**AIM OF THE EXERCISE**: If an entry below holds a picture, leave the picture out and print the rest exactly.

Recorded data
========================================

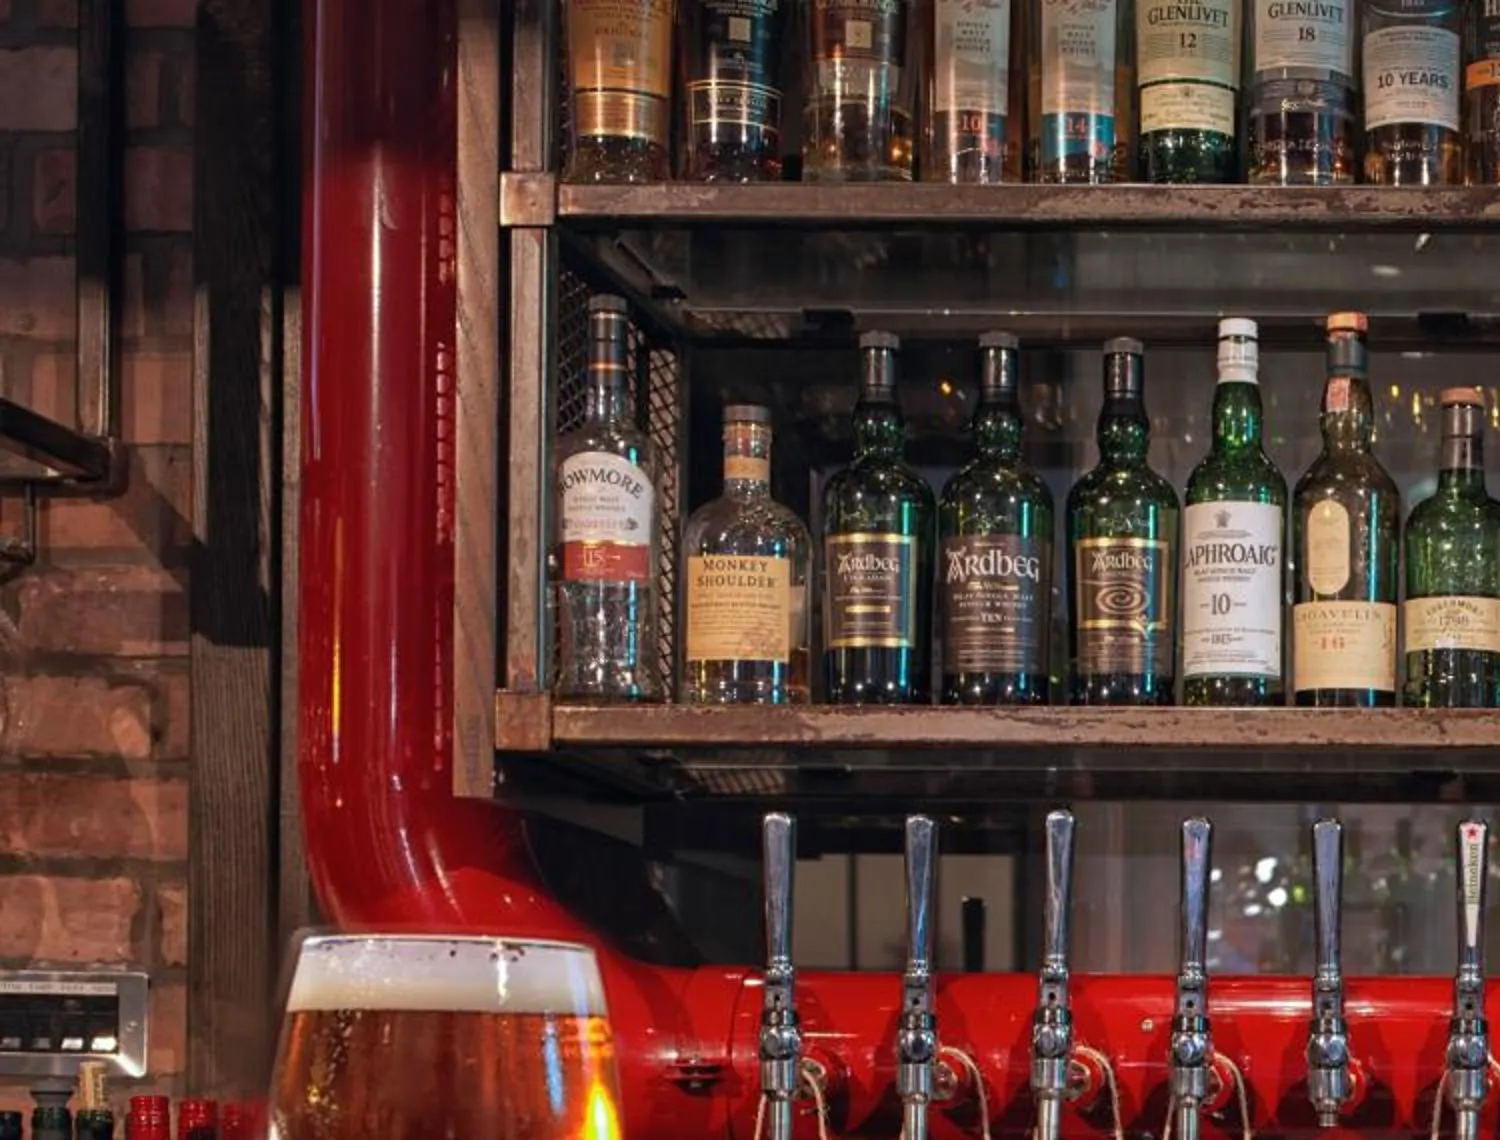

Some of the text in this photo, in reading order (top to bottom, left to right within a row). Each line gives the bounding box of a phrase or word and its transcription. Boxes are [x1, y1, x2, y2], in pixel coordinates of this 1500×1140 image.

[1148, 4, 1228, 28] GLENLIVET
[1268, 2, 1343, 23] GLENLIVET
[1179, 33, 1196, 48] 12
[1298, 27, 1315, 41] 18
[1377, 71, 1448, 89] 10 YEARS
[961, 115, 981, 131] 10
[1065, 118, 1086, 132] 14
[703, 560, 768, 572] MONKEY
[837, 552, 900, 575] Ardbeg
[946, 547, 1039, 583] Ardbeg
[1091, 551, 1153, 573] Ardbeg
[698, 576, 776, 588] SHOULDER
[1211, 594, 1230, 616] 10
[1320, 636, 1345, 650] 16
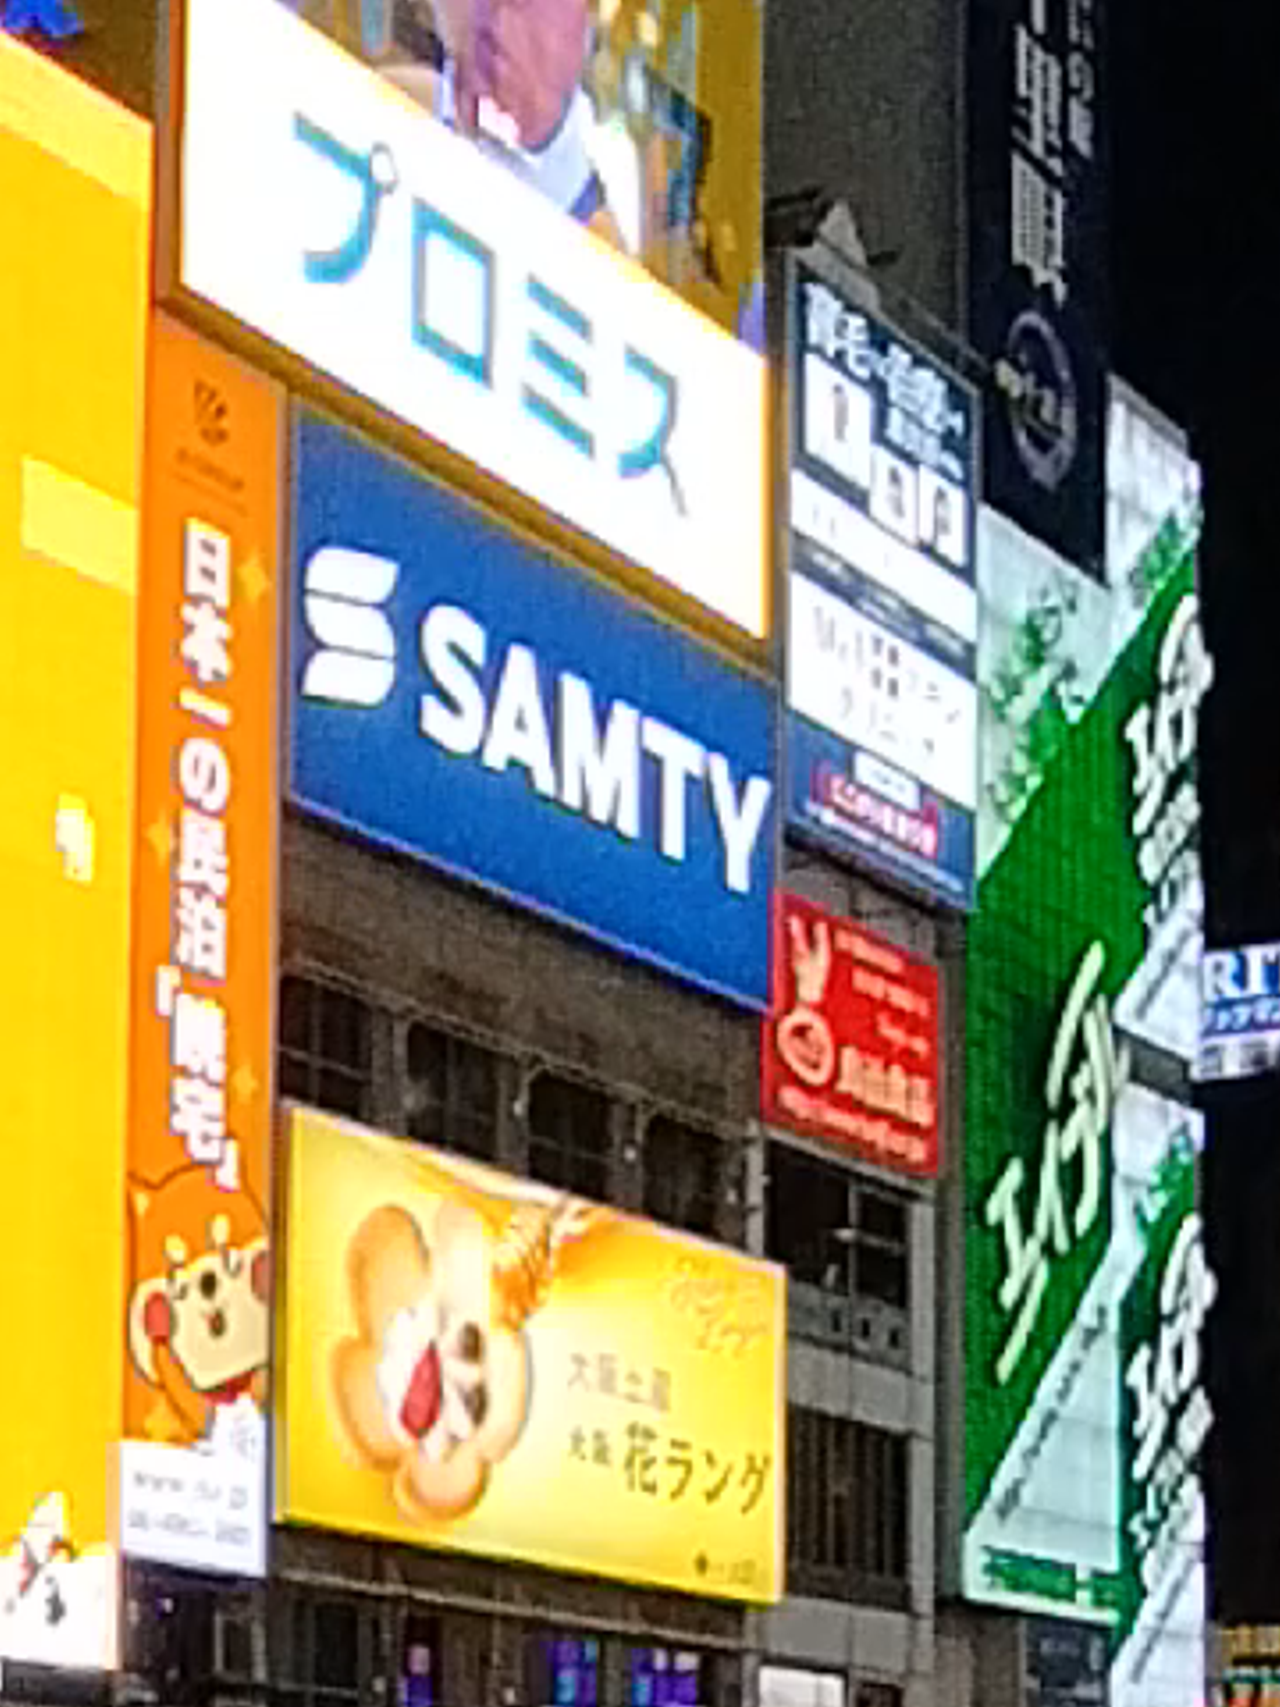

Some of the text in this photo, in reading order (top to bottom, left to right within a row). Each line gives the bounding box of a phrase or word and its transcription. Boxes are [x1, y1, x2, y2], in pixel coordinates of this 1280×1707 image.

========================================

**SOLVED EXERCISE**:
Some of the text in this photo, in reading order (top to bottom, left to right within a row). Each line gives the bounding box of a phrase or word and its transcription. Boxes are [x1, y1, x2, y2], in pixel coordinates of this 1500×1140 image.

[1148, 4, 1228, 28] GLENLIVET
[1268, 2, 1343, 23] GLENLIVET
[1179, 33, 1196, 48] 12
[1298, 27, 1315, 41] 18
[1377, 71, 1448, 89] 10 YEARS
[961, 115, 981, 131] 10
[1065, 118, 1086, 132] 14
[703, 560, 768, 572] MONKEY
[837, 552, 900, 575] Ardbeg
[946, 547, 1039, 583] Ardbeg
[1091, 551, 1153, 573] Ardbeg
[698, 576, 776, 588] SHOULDER
[1211, 594, 1230, 616] 10
[1320, 636, 1345, 650] 16

Some of the text in this photo, in reading order (top to bottom, left to right within a row). Each line gives the bounding box of a phrase or word and its transcription. Boxes are [x1, y1, x2, y2], in pixel coordinates of this 1280×1707 image.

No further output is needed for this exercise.